From: "Tauro, Riana" <riana.tauro@intel.com>
To: Raag Jadav <raag.jadav@intel.com>
Cc: <intel-xe@lists.freedesktop.org>, <anshuman.gupta@intel.com>,
<rodrigo.vivi@intel.com>, <aravind.iddamsetty@linux.intel.com>,
<badal.nilawar@intel.com>, <ravi.kishore.koppuravuri@intel.com>,
<mallesh.koujalagi@intel.com>, <soham.purkait@intel.com>
Subject: Re: [PATCH v4 05/13] drm/xe/xe_ras: Initialize Uncorrectable AER Registers
Date: Tue, 5 May 2026 10:52:26 +0530 [thread overview]
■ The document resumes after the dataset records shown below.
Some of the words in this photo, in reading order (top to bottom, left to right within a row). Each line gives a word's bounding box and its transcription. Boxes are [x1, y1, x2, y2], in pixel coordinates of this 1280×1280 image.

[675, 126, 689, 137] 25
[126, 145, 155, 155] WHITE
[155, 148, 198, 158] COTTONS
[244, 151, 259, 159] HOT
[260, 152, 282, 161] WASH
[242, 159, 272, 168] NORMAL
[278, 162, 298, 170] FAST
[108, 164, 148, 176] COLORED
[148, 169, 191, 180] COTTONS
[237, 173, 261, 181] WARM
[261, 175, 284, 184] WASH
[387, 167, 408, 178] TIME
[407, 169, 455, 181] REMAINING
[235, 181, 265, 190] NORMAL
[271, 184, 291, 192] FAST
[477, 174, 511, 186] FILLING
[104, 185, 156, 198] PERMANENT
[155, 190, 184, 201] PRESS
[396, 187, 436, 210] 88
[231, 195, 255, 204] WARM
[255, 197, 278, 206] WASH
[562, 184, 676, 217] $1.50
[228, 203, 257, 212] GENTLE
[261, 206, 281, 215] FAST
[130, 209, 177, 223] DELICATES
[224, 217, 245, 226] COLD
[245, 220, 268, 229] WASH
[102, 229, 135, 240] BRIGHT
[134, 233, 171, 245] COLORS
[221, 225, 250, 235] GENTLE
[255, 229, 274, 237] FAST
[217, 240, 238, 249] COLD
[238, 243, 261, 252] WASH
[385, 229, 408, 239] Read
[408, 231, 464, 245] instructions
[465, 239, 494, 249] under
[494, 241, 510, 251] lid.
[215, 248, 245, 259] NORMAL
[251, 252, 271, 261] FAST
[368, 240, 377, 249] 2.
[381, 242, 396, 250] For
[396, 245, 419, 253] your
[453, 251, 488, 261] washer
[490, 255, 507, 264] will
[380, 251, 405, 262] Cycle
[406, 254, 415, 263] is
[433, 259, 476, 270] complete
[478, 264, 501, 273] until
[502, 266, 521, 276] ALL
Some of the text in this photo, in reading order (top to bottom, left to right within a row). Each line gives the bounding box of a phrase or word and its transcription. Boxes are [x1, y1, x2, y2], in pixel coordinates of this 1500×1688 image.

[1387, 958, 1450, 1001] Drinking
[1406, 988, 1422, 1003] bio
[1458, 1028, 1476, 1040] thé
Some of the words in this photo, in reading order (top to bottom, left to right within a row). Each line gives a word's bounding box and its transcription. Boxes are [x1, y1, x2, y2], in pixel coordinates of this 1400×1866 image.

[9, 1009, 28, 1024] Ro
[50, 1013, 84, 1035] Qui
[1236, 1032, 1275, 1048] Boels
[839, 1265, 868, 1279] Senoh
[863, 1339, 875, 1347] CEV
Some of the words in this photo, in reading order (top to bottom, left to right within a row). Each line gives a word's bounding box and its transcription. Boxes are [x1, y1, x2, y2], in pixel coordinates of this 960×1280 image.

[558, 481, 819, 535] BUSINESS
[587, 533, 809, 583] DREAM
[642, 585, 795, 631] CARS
Message-ID: <5f1bc117-d6a2-4547-8fce-73cd920bf2e2@intel.com> (raw)
In-Reply-To: <ae8WrfTLjnJiSW4C@black.igk.intel.com>
On 4/27/2026 1:26 PM, Raag Jadav wrote:
> On Fri, Apr 17, 2026 at 02:28:17PM +0530, Riana Tauro wrote:
>> Uncorrectable errors from different endpoints in the device are steered to
>> the USP(Upstream Switch Port) which is a PCI Advanced Error Reporting (AER)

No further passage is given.